L’ostilità del mondo scientifico verso le religioni, e il cattolicesimo in particolare, sembra ridotta il minimo; ma è cresciuto anche il dialogo?

Sì, siamo lontani dal materialismo ottocentesco che gettava discredito sulla religione e negava le cattedre a uomini come Pierre Duhem o Francesco Faà di Bruno, per il solo fatto di essere cattolici… A dir la verità, ancora oggi l’essere di fede cattolica ha ostacolato l’investitura di qualche Nobel. Ma al di là di queste situazioni, l’interesse dell’ambiente scientifico verso la riflessione filosofica e teologica è cresciuto, specie se filosofia e teologia sanno proporsi in modo rigoroso e fondato.

 

La survey ha privilegiato come campione i fisici e i biologi: come considera questa scelta? Si possono notare differenze nel rapporto scienza fede tra gli scienziati di differenti discipline?

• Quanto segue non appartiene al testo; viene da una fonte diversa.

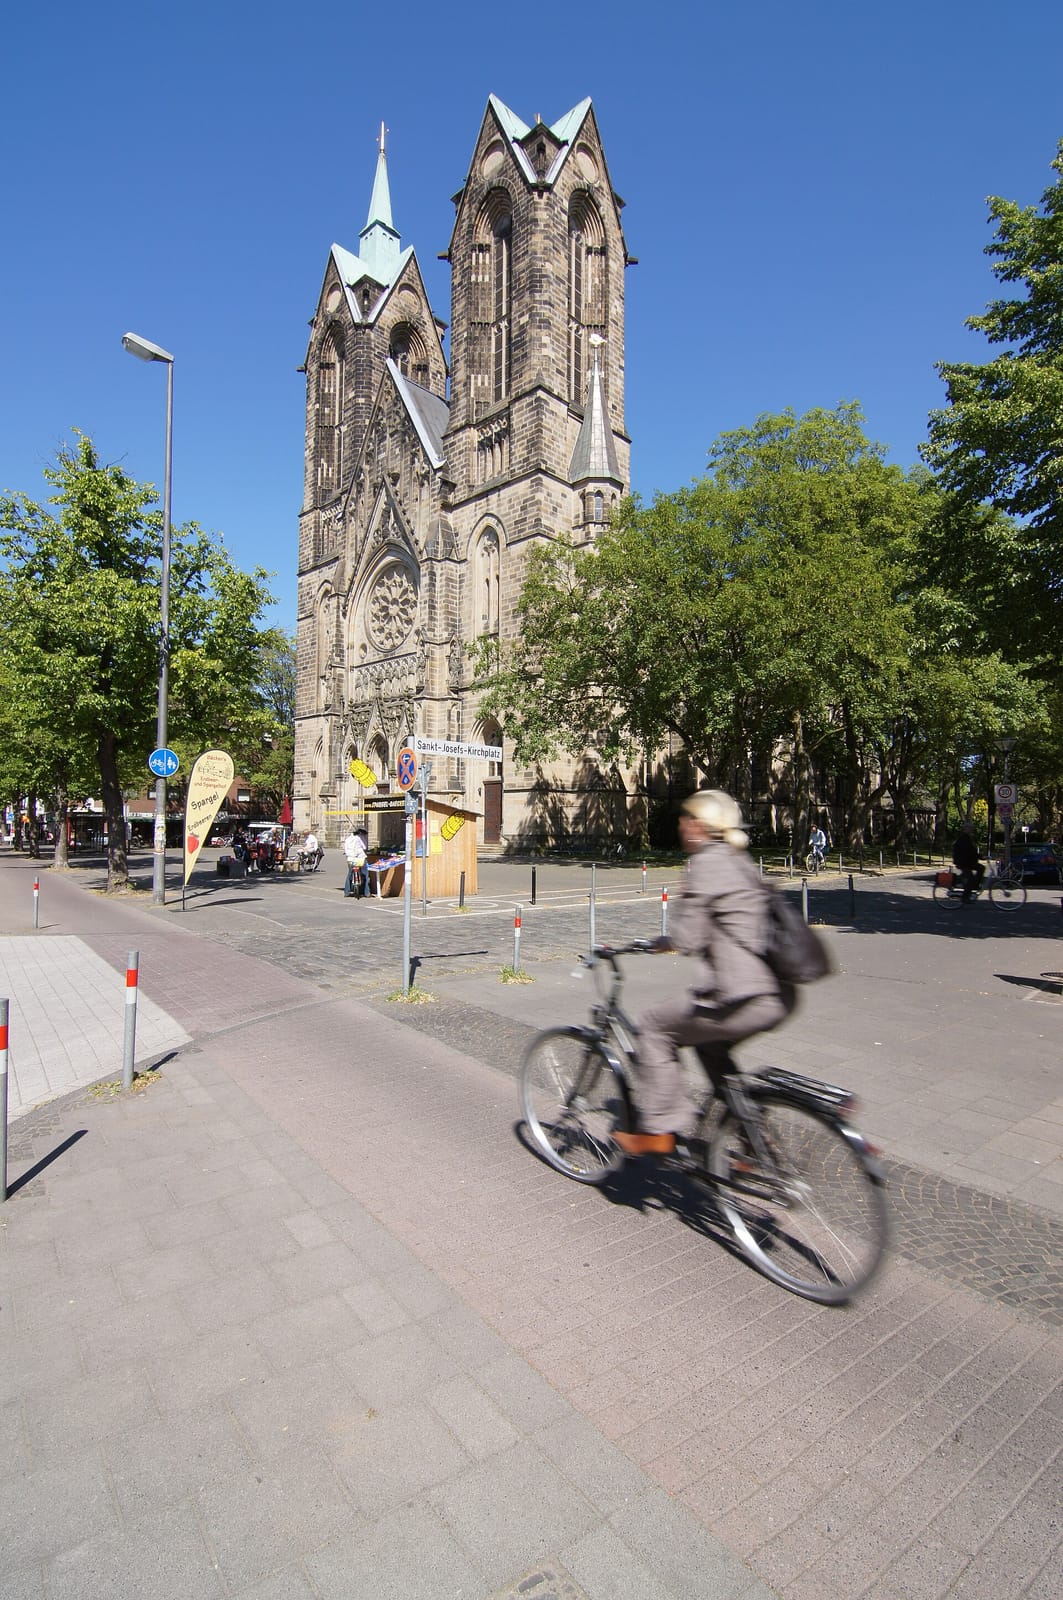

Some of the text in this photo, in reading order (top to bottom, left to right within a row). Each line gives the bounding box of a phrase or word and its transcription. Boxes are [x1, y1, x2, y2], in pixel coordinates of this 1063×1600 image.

[417, 740, 500, 758] Sankt-Josefs-Kirchplatz
[191, 791, 219, 811] Spargel
[187, 814, 212, 832] Erdbeeren
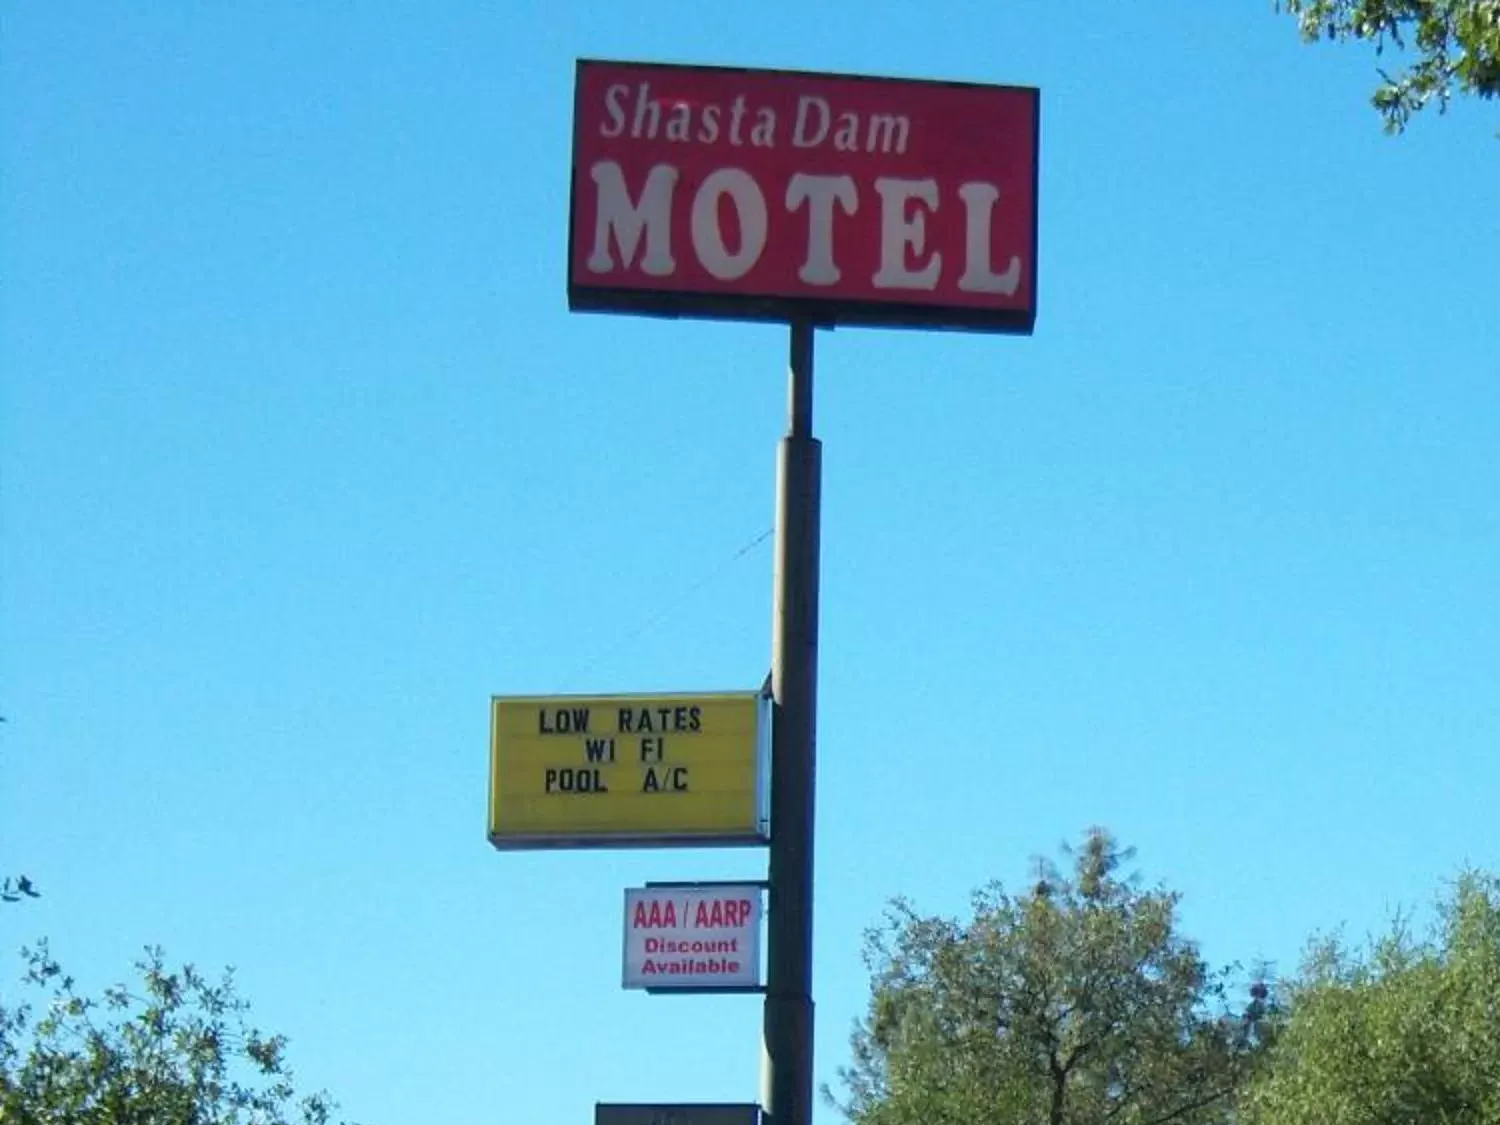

Era logico che la parte sostanziale degli intervistati fossero di ambito fisico e biologico. Il tema dell’origine dell’universo, delle leggi di natura, i temi legati all’origine della vita e alla sua evoluzione, continuano ad essere quelli di maggior impatto interdisciplinare, dove religione e scienza hanno più cose da dirsi. Oggi si aggiungono forse le neuroscienze, ma si tratta di vedere a che livello i neuroscienziati siano stati inclusi nel campione della Howard Ecklund. Ritengo che la fede in un Dio creatore sia oggi maggiormente condivisa dai fisici, dagli astronomi e dai matematici che non dai biologi. Almeno è questa l’esperienza che ho potuto fare in occasione di convegni, tavole rotonde e dibattiti. Ho in proposito una spiegazione, a livello personale. Le scienze fisiche e matematiche hanno ormai un’espistemologia matura, che le protegge da derive ideologiche perché ha fatto loro toccare in modo formalmente rigoroso i fondamenti, e anche i limiti, del conoscere. Le scienze biologiche, invece, sono più giovani, e non hanno ancora incontrato quei problemi di incompletezza formale e ontologica che le scienze fisiche e matematiche ben conoscono. Ciò può condurre la biologia a voler offrire una propria “visione del mondo” esaustiva e talvolta autoreferenziale, ritenendo superfluo ogni discorso sui fondamenti dell’essere, e dunque sull’origine delle cose. In realtà, quando si tocca da vicino il problema dei fondamenti, e la biologia sta cominciando a farlo quando si sforza di entrare con profondità nell’origine del DNA, il problema del Logos, della razionalità e del senso delle cose torna a riemergere, e con esso la domanda su Dio. Il percorso di un ricercatore come Francis Collins basterebbe a dimostrarlo.

Il particolare punto di osservazione che è il portale DISF cosa le permette di constatare circa i rapporti tra gli scienziati e l’esperienza religiosa oggi?

Soprattutto molto interesse, da parte di chi si occupa di ricerca scientifica, ad approfondire temi storici, epistemologici, interdisciplinari. La scienza genera cultura ma nasce anche entro un humus culturale che deve favorirla. La nostra rubrica sugli “scienziati credenti” è la più cliccata e molti giovani ci scrivono chiedendoci approfondimenti bibliografici su temi scientifici che toccano questioni teologiche. È il segno che le grandi domande si richiamano a vicenda e che quando c’è amore alla verità si vuole andare fino al fondo delle cose.